It is highly recommended to use mfa_token_provider instead of passing TokenCode directly. Without mfa_token_provider, you must refresh TokenCode yourself, which will be cumbersome.

Warning

Erroneous TokenCode values (i.e. non 6-digit numeric strings) will raise errors during construction of assume_role_kwargs. Ensure your token provider returns valid tokens.

Warning

For security, the stdout, stderr, shell, executable, and preexec_fn subprocess.run parameters are blocked and will raise an error if provided in mfa_token_provider_kwargs.

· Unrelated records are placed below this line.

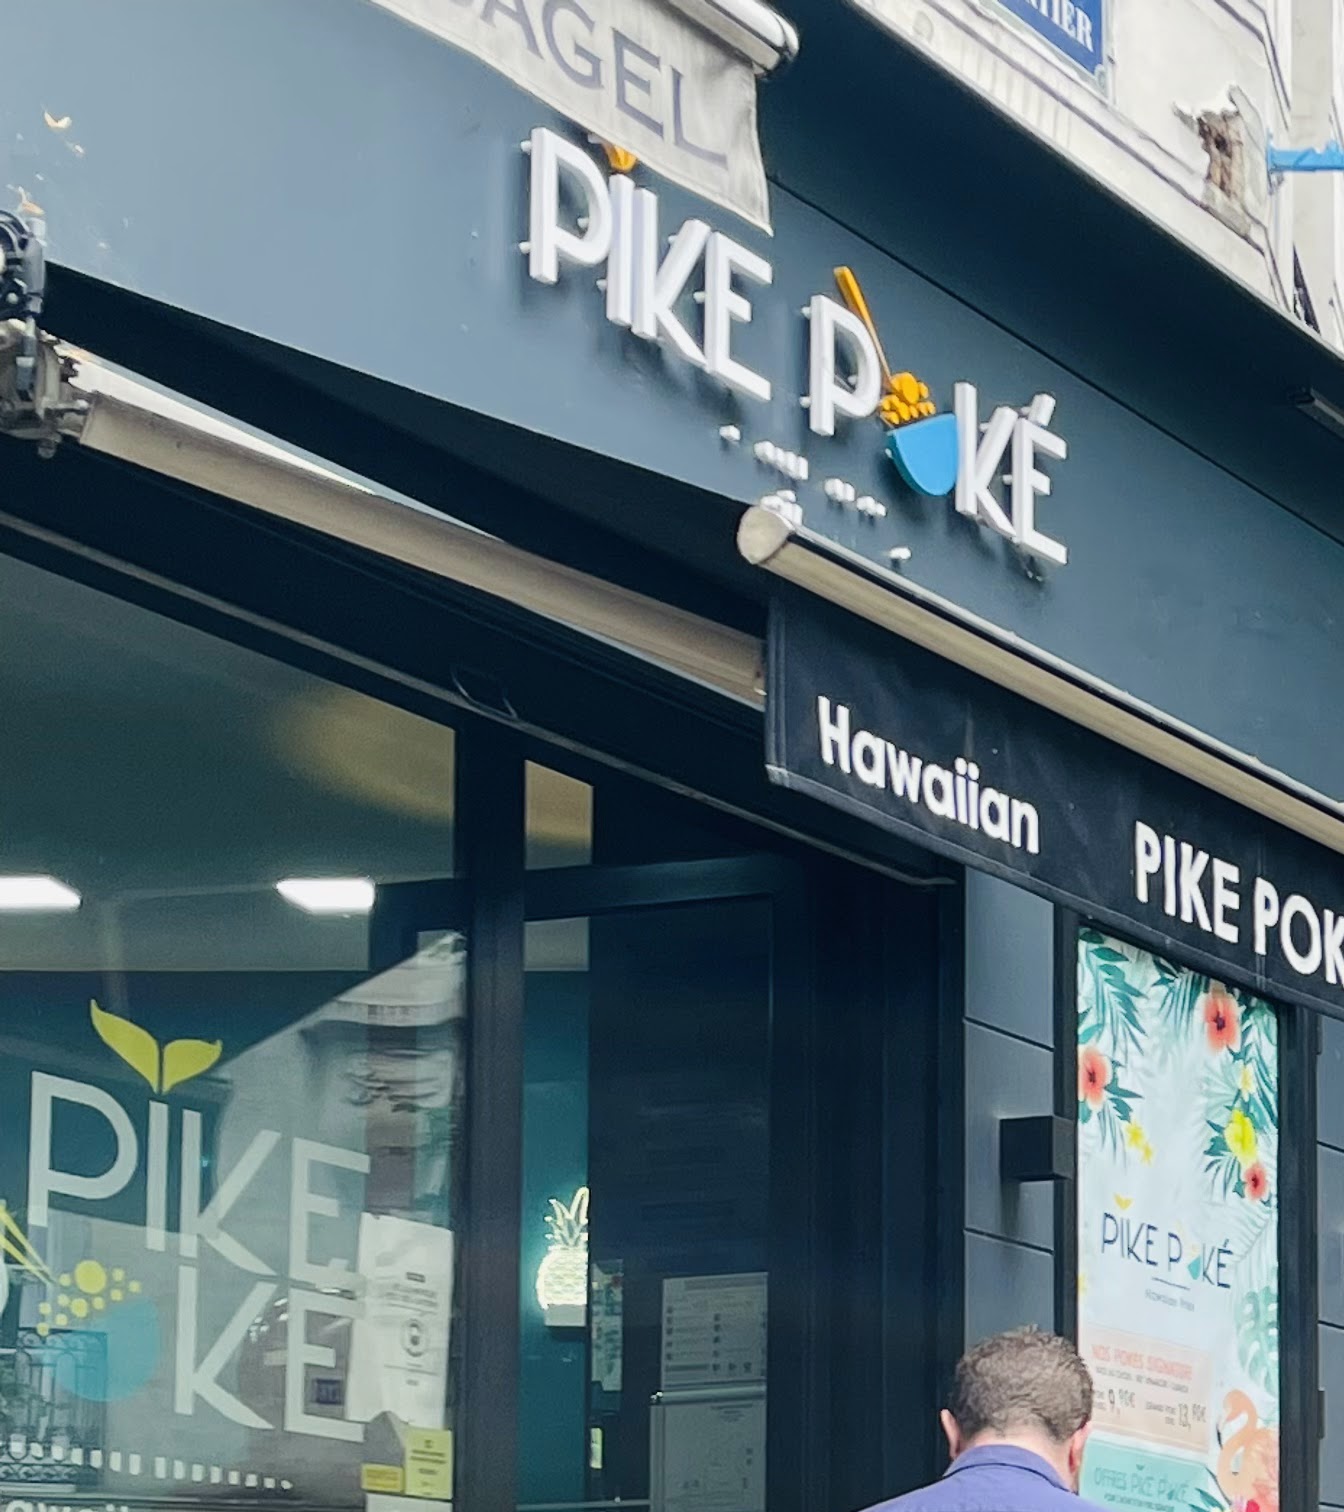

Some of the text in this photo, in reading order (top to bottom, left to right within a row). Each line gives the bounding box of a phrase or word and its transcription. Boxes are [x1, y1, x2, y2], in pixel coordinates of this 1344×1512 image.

[450, 0, 728, 171] AGEL
[529, 127, 772, 401] PIKE
[816, 696, 1040, 855] Hawaiian
[1134, 821, 1241, 944] PIKE
[28, 1071, 371, 1288] PIKE
[1101, 1212, 1158, 1266] PIKE
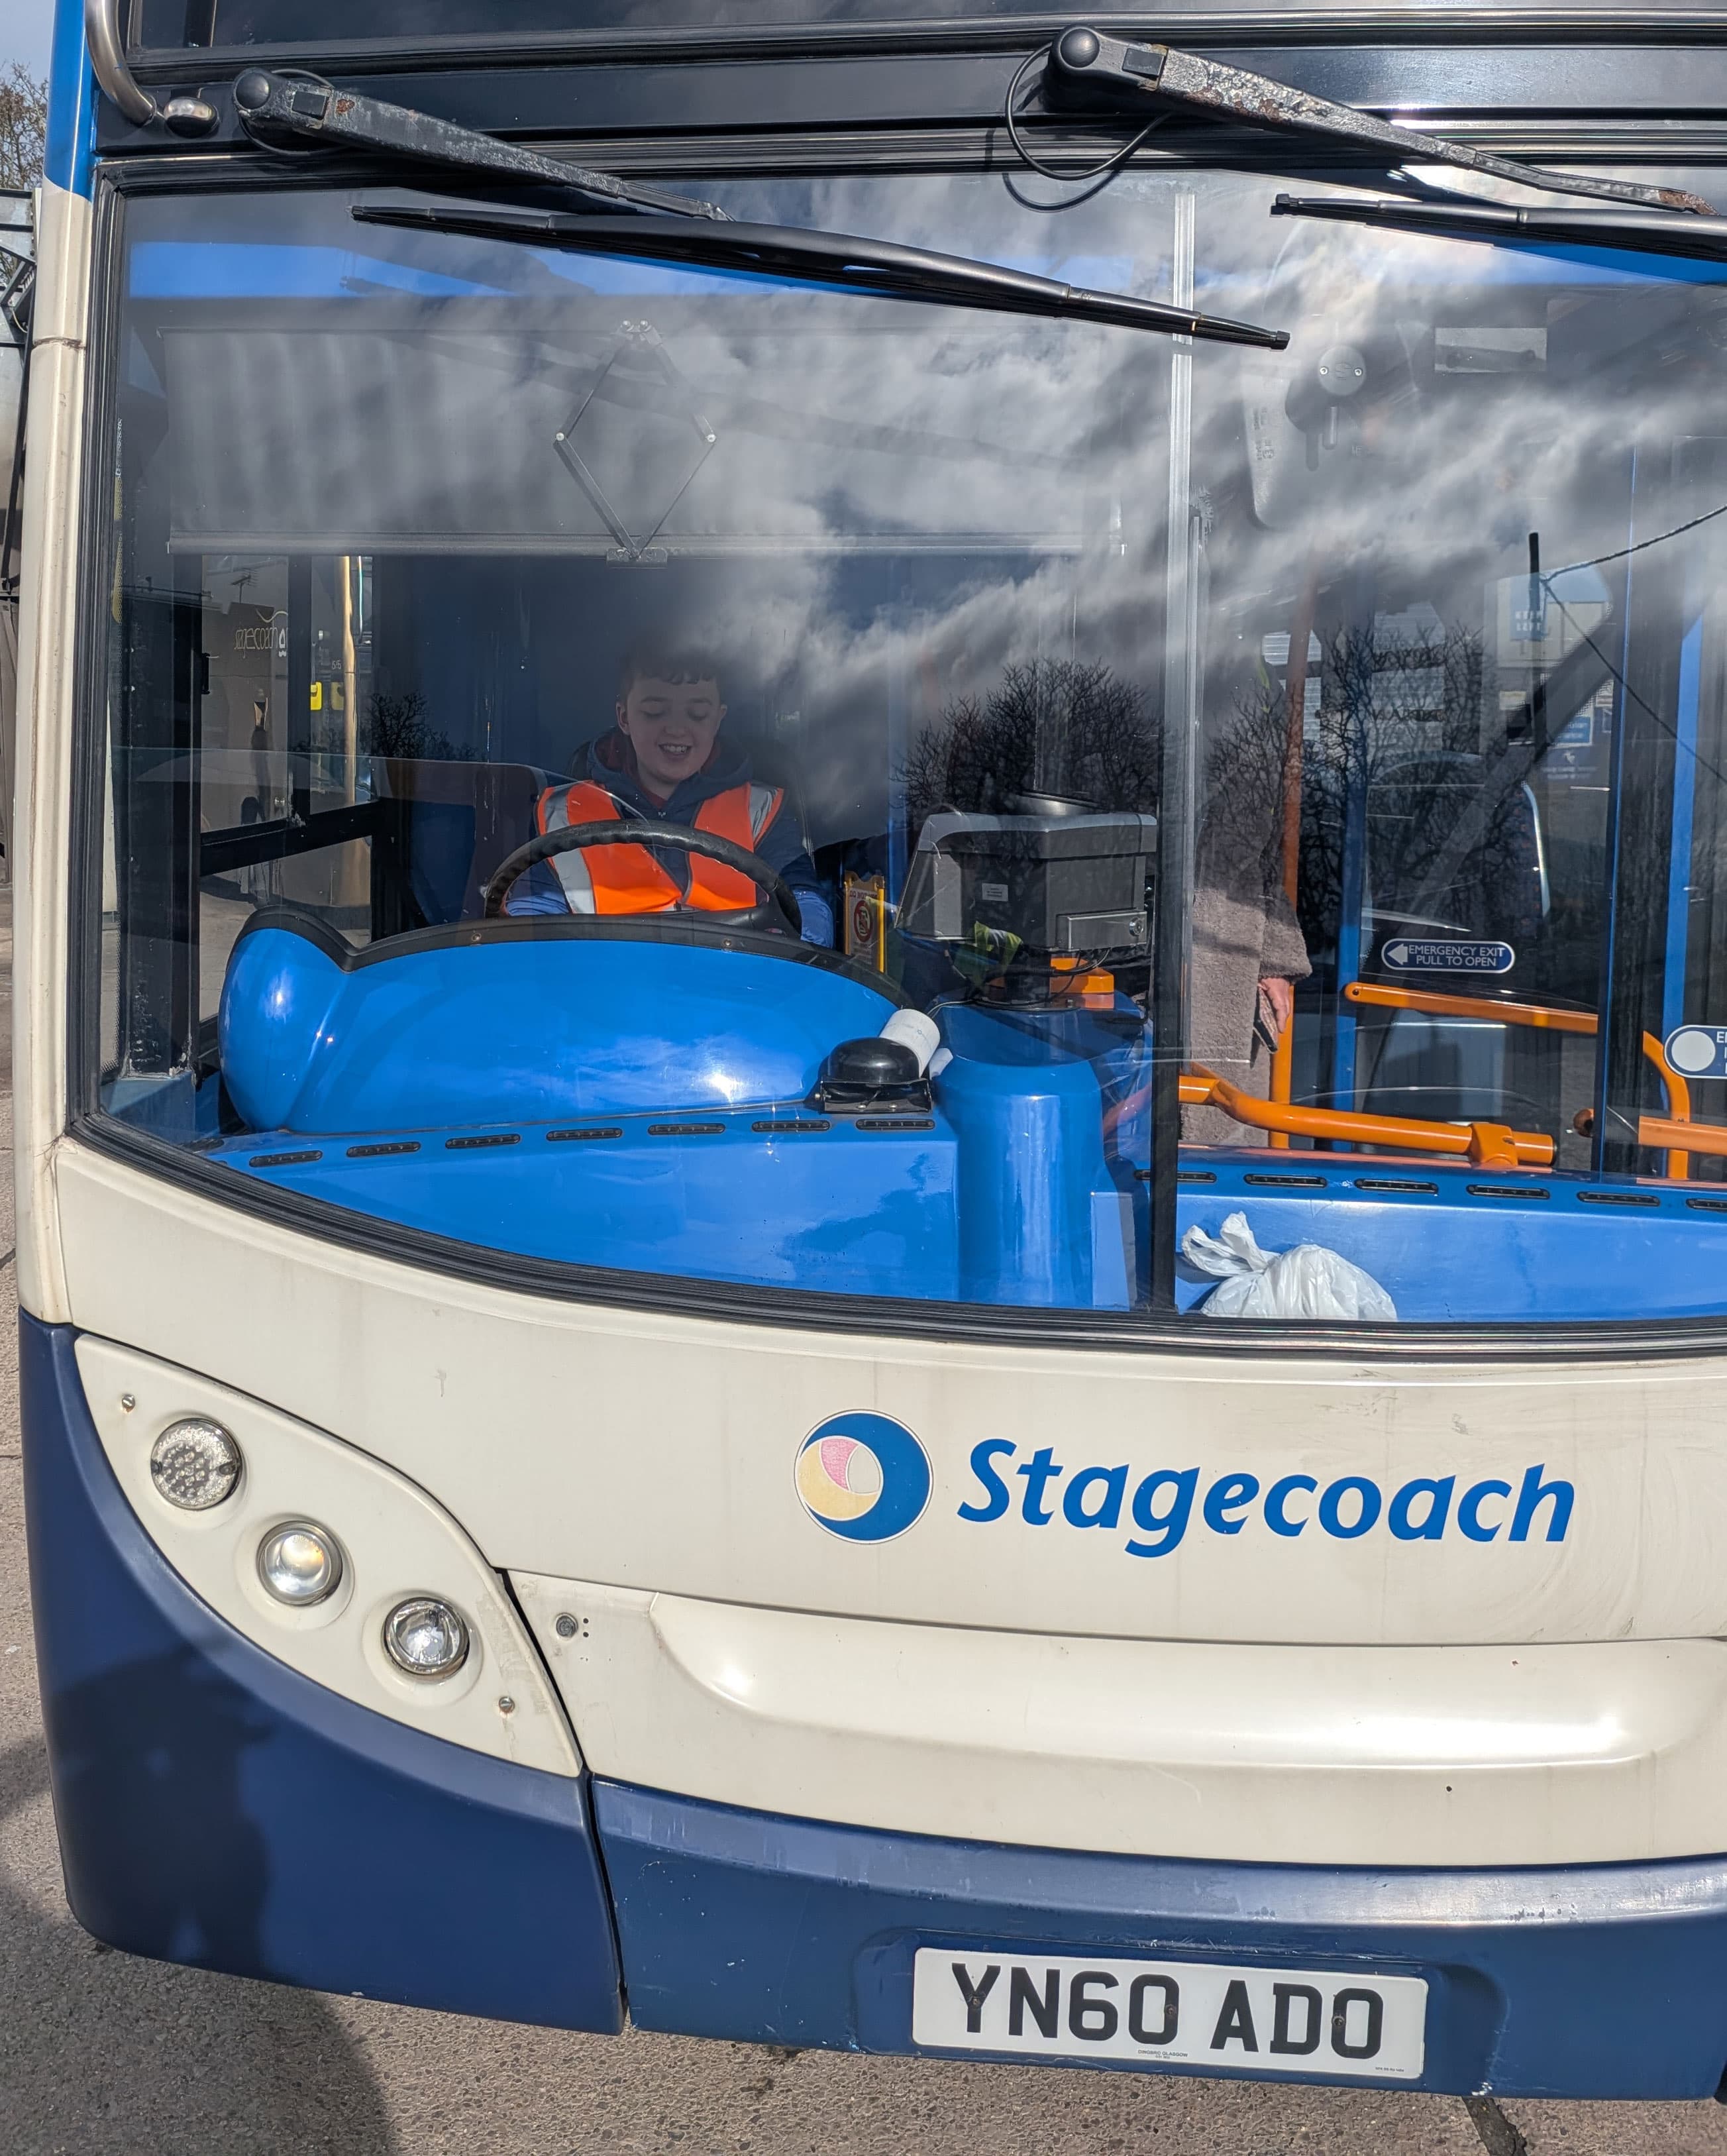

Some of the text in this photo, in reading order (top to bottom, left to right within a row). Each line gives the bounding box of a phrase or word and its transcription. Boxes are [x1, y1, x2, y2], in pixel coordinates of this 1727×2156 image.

[1408, 944, 1506, 957] EMERGENCY EXIT
[1416, 955, 1496, 967] PULL TO OPEN
[958, 1439, 1574, 1558] Stagecoach
[951, 1963, 1384, 2059] YN60 ADO
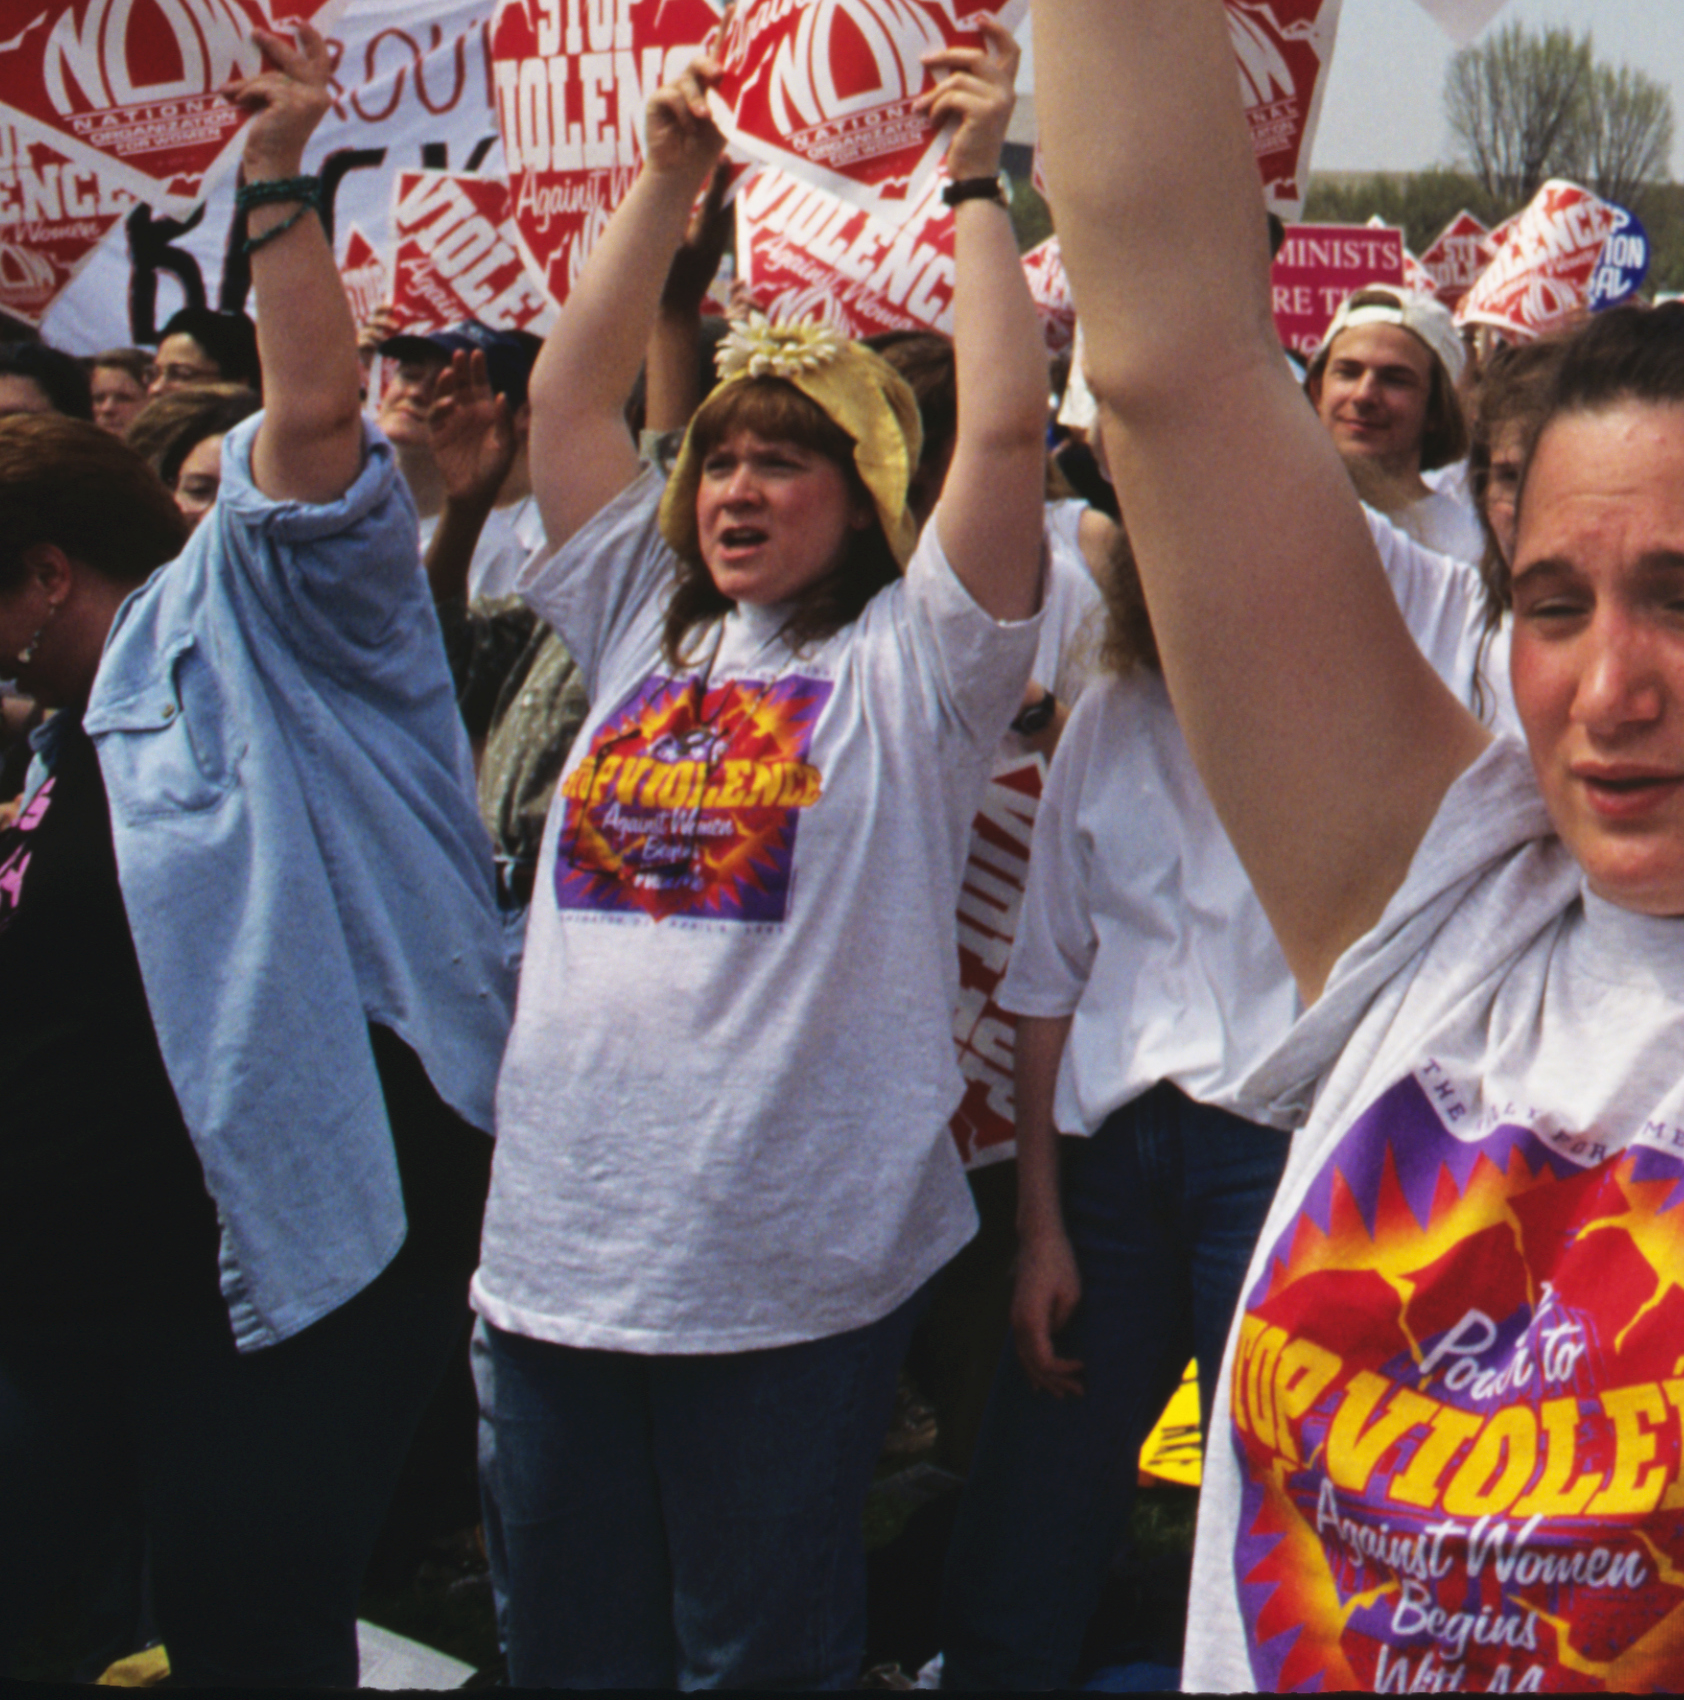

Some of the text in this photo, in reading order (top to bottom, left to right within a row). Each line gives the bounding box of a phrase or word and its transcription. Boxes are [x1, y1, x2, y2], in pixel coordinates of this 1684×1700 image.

Client and Resource Caching#

boto3-refresh-session uses boto3-client-cache for both client and resource caching. Calls to session.client(...) and session.resource(...) are cached by default and will return the same object for equivalent parameters.

Note

Caches are available on the cache attribute:

  • session.cache.client["LRU"]

  • session.cache.client["LFU"]

  • session.cache.resource["LRU"]

  • session.cache.resource["LFU"]

Direct lookups use boto3_client_cache.cache.ClientCacheKey and boto3_client_cache.cache.ResourceCacheKey.

Tip

The default eviction policy is "LRU". You can opt into "LFU" per call by passing eviction_policy="LFU" to client(...) or resource(...).

Tip

You can control cache size per policy with max_size on client(...) and resource(...). If omitted, each cache defaults to a maximum size of 10.

Warning

For STS operations, STS.Client objects are added to the cache automatically. Therefore, if you are using STS for credential refresh, be mindful of cache size and eviction policy to avoid unintended evictions of the internal STS client.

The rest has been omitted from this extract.